Welcome to our first blog of 2022, written by the wonderful Tony Bradman. In this blog, Tony writes of wishing there was more historical fiction to read when he was younger and the ways in which Viking Boy is received by school children.
Great adventures can sometimes start in very ordinary circumstances. For example, take the adventure Bilbo Baggins finds himself involved with in The Hobbit by J.R.R. Tolkien. At the beginning of the story Bilbo is standing in the doorway of his cosy little Hobbit house just minding his own business. Then the wizard Gandalf happens to come by, and in what seems like the blink of an eye Bilbo is sent off an an adventure that includes angry dwarves, trolls, a dark and scary forest, a dragon guarding a treasure hoard sought by the said dwarves, a magic ring, and, oh yes, a huge battle involving five armies.
I first encountered Bilbo and his adventure in very ordinary circumstances myself. In my last year at a very ordinary state primary school in South London (a long time ago!), my teacher Mr Smith read The Hobbit to our class, and I loved it. There were probably 40 kids in that class, and I don’t remember Mr Smith being a particular dramatic reader of the story. But the simple experience of hearing a great story being read aloud was the beginning of my life-long adventure in books and writing. Pretty much from that moment on I became an obsessive reader, and eventually that led to me becoming a writer.
There was even more in that experience than I realised at the time, and for many years after. I discovered later that Tolkien was for many years Professor of Anglo-Saxon at Oxford, and was an expert in the whole world of northern European languages and myths and legends. So The Hobbit and The Lord of the Rings (which I also read obsessively in my teens) are full of characters, themes and tales imbued with the culture of the Anglo-Saxons and the Vikings. Anyone who reads his work is immediately at home in the world of Beowulf and the Icelandic sagas – those dwarves make an appearance in one.
So it’s no surprise that I became interested in all that myself. I read lots of historical fiction, of course – Rosemary Sutcliff, Henry Treece and many others – but I also read lots of history too. I started my career as a writer of children’s books with poetry and picture book texts, then moved up the age range to beginner readers and short fiction. I also read The Hobbit to the oldest and youngest of my children at different times), and The Lord of the Rings to the oldest as well – it took a year, but it was great (I enjoyed it, anyway!).

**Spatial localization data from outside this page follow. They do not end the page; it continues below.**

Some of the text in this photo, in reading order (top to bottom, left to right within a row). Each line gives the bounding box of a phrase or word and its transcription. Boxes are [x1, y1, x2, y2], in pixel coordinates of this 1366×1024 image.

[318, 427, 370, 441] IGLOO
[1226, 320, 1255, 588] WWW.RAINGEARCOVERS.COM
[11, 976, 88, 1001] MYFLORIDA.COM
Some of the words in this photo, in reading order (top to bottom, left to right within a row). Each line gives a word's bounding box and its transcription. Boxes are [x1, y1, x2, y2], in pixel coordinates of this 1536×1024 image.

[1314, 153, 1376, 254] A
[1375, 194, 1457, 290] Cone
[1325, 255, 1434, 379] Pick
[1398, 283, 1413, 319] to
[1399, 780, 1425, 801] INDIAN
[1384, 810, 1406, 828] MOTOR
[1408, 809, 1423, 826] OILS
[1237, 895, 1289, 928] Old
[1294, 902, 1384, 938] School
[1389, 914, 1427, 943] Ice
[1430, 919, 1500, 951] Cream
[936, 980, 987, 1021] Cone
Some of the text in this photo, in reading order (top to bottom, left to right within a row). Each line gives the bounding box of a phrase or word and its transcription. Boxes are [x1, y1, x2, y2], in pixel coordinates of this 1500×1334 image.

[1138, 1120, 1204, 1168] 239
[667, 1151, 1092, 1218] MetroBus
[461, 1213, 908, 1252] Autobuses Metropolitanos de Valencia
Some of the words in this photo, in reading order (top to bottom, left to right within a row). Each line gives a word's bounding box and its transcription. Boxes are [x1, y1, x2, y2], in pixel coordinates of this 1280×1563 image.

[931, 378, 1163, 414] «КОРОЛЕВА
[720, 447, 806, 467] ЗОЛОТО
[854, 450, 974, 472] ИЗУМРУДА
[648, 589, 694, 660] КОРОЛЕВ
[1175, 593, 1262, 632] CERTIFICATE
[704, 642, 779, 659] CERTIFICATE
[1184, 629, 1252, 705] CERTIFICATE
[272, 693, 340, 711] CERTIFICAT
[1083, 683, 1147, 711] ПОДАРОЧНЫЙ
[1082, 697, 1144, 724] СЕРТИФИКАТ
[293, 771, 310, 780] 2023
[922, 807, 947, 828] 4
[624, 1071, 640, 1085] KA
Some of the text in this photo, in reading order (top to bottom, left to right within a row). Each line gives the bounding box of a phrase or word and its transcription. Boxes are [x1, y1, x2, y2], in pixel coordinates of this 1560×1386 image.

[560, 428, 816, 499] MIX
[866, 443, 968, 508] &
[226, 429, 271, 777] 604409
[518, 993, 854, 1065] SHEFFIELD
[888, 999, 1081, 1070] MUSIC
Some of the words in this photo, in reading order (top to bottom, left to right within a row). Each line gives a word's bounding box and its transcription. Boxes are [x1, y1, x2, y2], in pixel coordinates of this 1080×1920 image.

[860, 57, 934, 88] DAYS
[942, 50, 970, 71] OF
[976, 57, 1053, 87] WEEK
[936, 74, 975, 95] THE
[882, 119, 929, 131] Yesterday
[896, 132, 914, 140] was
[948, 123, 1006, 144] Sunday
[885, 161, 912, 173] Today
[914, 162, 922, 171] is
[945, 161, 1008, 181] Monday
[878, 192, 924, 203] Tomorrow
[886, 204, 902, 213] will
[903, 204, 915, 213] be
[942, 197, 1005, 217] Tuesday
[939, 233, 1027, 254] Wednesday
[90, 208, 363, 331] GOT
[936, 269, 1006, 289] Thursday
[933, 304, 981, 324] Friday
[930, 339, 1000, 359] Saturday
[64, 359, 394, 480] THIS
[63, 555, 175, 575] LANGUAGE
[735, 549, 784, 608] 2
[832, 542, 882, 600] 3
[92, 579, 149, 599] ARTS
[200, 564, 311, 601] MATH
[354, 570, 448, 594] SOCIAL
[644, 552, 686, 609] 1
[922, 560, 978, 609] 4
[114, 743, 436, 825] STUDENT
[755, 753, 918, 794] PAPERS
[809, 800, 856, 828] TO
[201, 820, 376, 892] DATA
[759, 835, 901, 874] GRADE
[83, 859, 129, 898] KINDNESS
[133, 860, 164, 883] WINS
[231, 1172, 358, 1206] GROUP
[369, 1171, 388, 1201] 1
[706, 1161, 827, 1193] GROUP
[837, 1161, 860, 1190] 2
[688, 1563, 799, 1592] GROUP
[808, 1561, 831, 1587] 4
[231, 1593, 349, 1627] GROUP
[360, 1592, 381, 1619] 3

I’d always had a yen to write a Viking story, and eventually an editor I knew at Walker Books asked if I had any ideas that would make a good graphic novel, as they were developing a new series in that area. I already had the title Viking Boy – it had just popped into my head one day and I knew it was a good one. So I then developed a story to go with it. That took a long time, and it took me even longer to write it (I think I missed the deadline by a year). We also decided it would be much better as a straight novel.
Viking Boy was published in 2012, and I’m enormously proud of it. I always say that it’s the book I would have loved to read after The Hobbit when I was 11, and it’s certainly done well. Schools have picked up on it and I get lots of tweets from classes who have had it as their class reader when they study the Vikings in Year 5 or 6. I love the idea that teachers are reading my story to children just as Mr Smith read to me and my class. I always reply to those tweets, and often do Zoom calls so I can read to them too.
I did a kind of follow-up to Viking Boy. Anglo-Saxon Boy is about the son of Harold Godwinson, the half-Danish King of England who died at the Battle of Hastings, so there’s plenty about the Vikings in that too. Anglo-Saxon Boy won a Young Quills Award from the Historical Association in 2017, and I often hear from classes who read it when they study the period. I loved doing the research (always a good excuse to buy lots of books!), and I thought it might be good to do some non-fiction too. That has led me to write to my latest book – Viking Boy: The Real Story (Everything You Need to Know about the Vikings).
It really was great fun to work on, especially as my publishers came up with a great suggestion for making it different from other non-fiction history books. Their idea was for me to make the narrator of the book Gunnar, the central character of Viking Boy. So Gunnar (and some of the other characters) take you through the facts of Viking life, explaining the culture, the Viking Gods, their art, the life of a Viking warrior, Viking poetry and myths. I’m pleased to say it’s brilliantly designed and illustrated as well.
It’s also another book I would have loved to read when I was 11. Sometimes I wish I could time-travel back to that South London classroom all those years ago, to when my reading and writing adventure began. I could never have imagined where that journey – the one that began with a human voice reading a gripping story – would take me. I only hope that some of the children who have encountered my books will be inspired to go on similar reading adventures themselves. There are magical worlds waiting for them.